--- ACTION ITEM ---
Exactly as written, print every line of the listing below and omit its pictures.

--- THE DATA ---
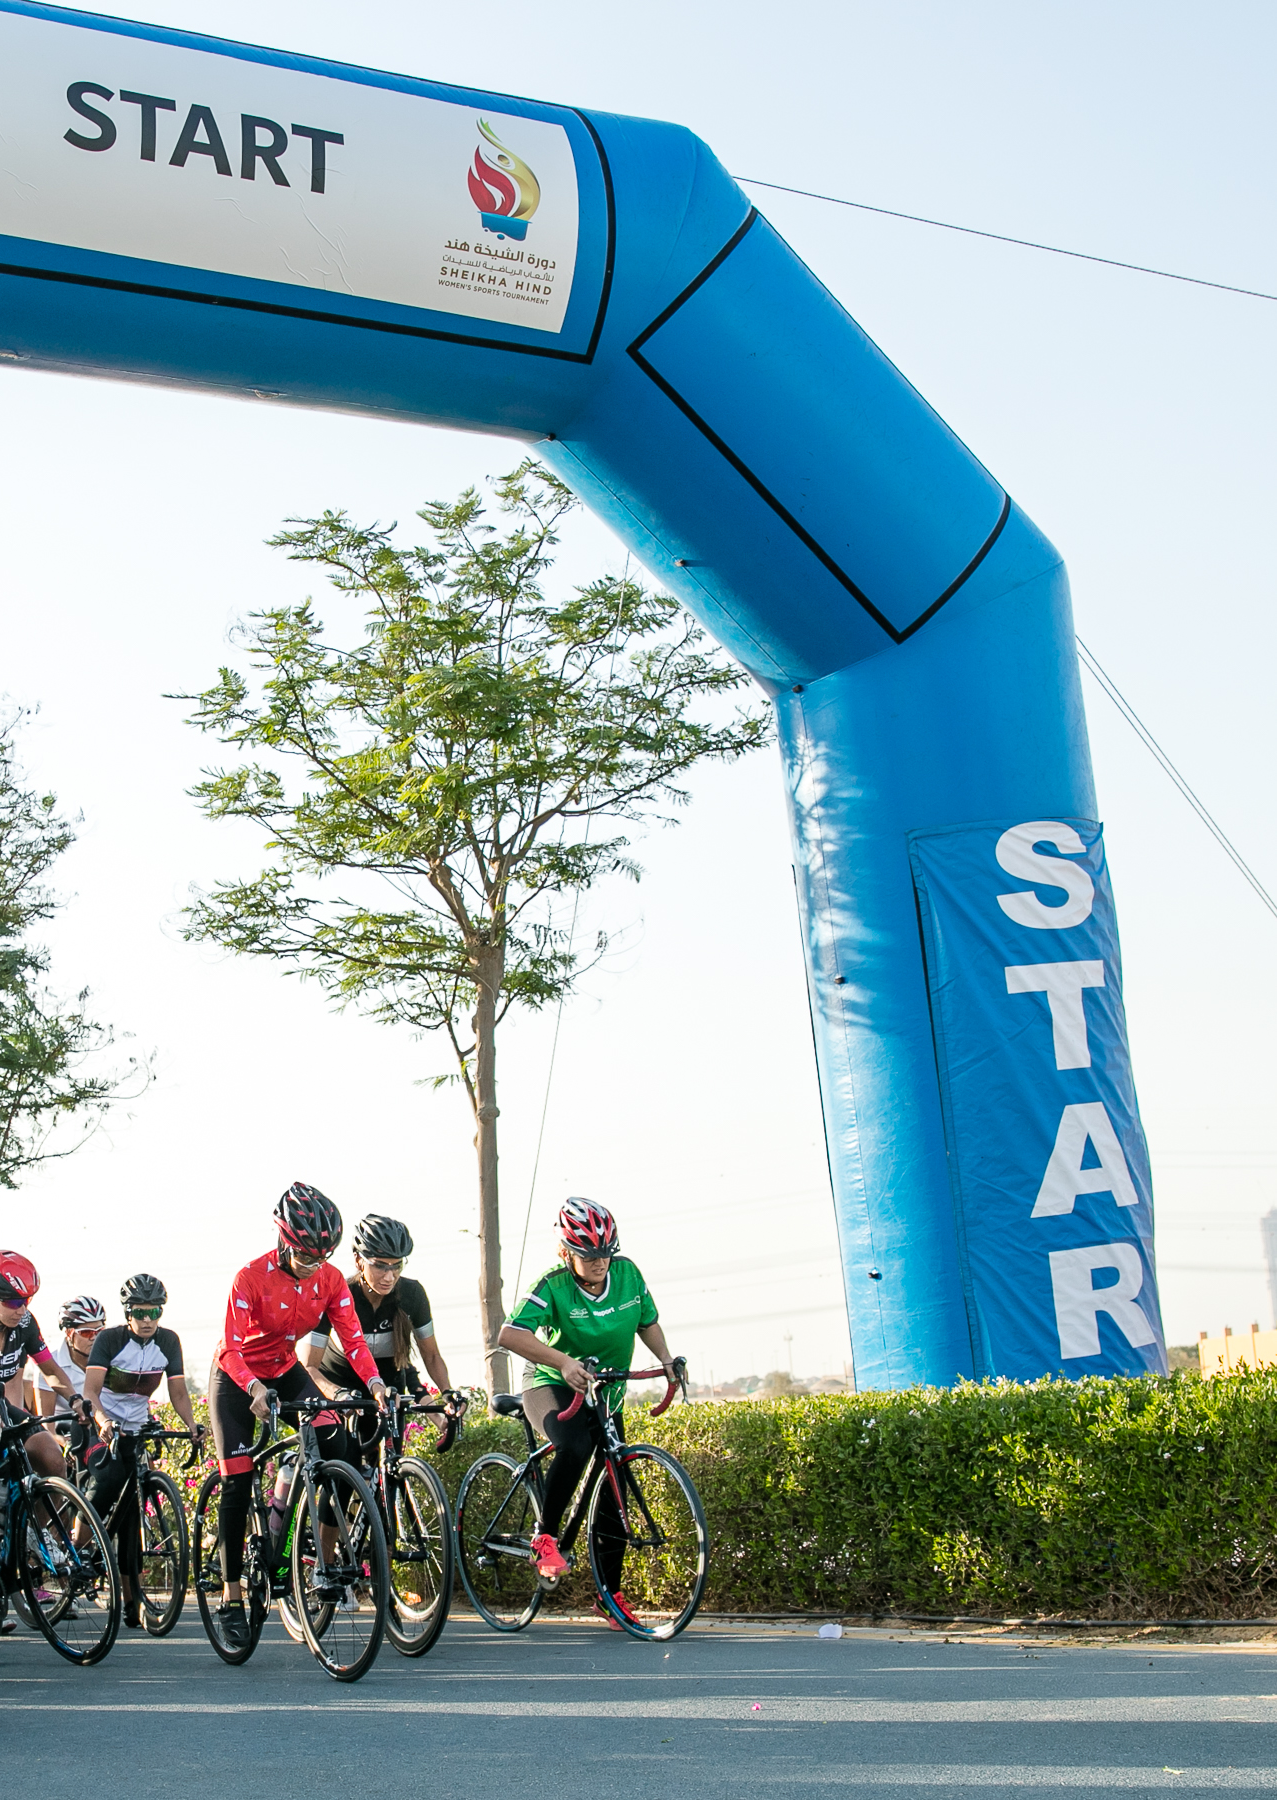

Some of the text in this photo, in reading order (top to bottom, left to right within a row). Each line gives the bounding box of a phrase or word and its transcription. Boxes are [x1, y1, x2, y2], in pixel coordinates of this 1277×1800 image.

[63, 80, 345, 195] START
[444, 238, 556, 270] دورة الشيخة هند
[437, 278, 549, 306] WOMEN'S SPORTS TOURNAMENT
[440, 265, 552, 296] SHEIKHA HIND
[5, 1272, 22, 1291] MET

--- EXPECTED ANSWER ---
Some of the text in this photo, in reading order (top to bottom, left to right within a row). Each line gives the bounding box of a phrase or word and its transcription. Boxes are [x1, y1, x2, y2], in pixel coordinates of this 1277×1800 image.

[63, 80, 345, 195] START
[444, 238, 556, 270] دورة الشيخة هند
[437, 278, 549, 306] WOMEN'S SPORTS TOURNAMENT
[440, 265, 552, 296] SHEIKHA HIND
[5, 1272, 22, 1291] MET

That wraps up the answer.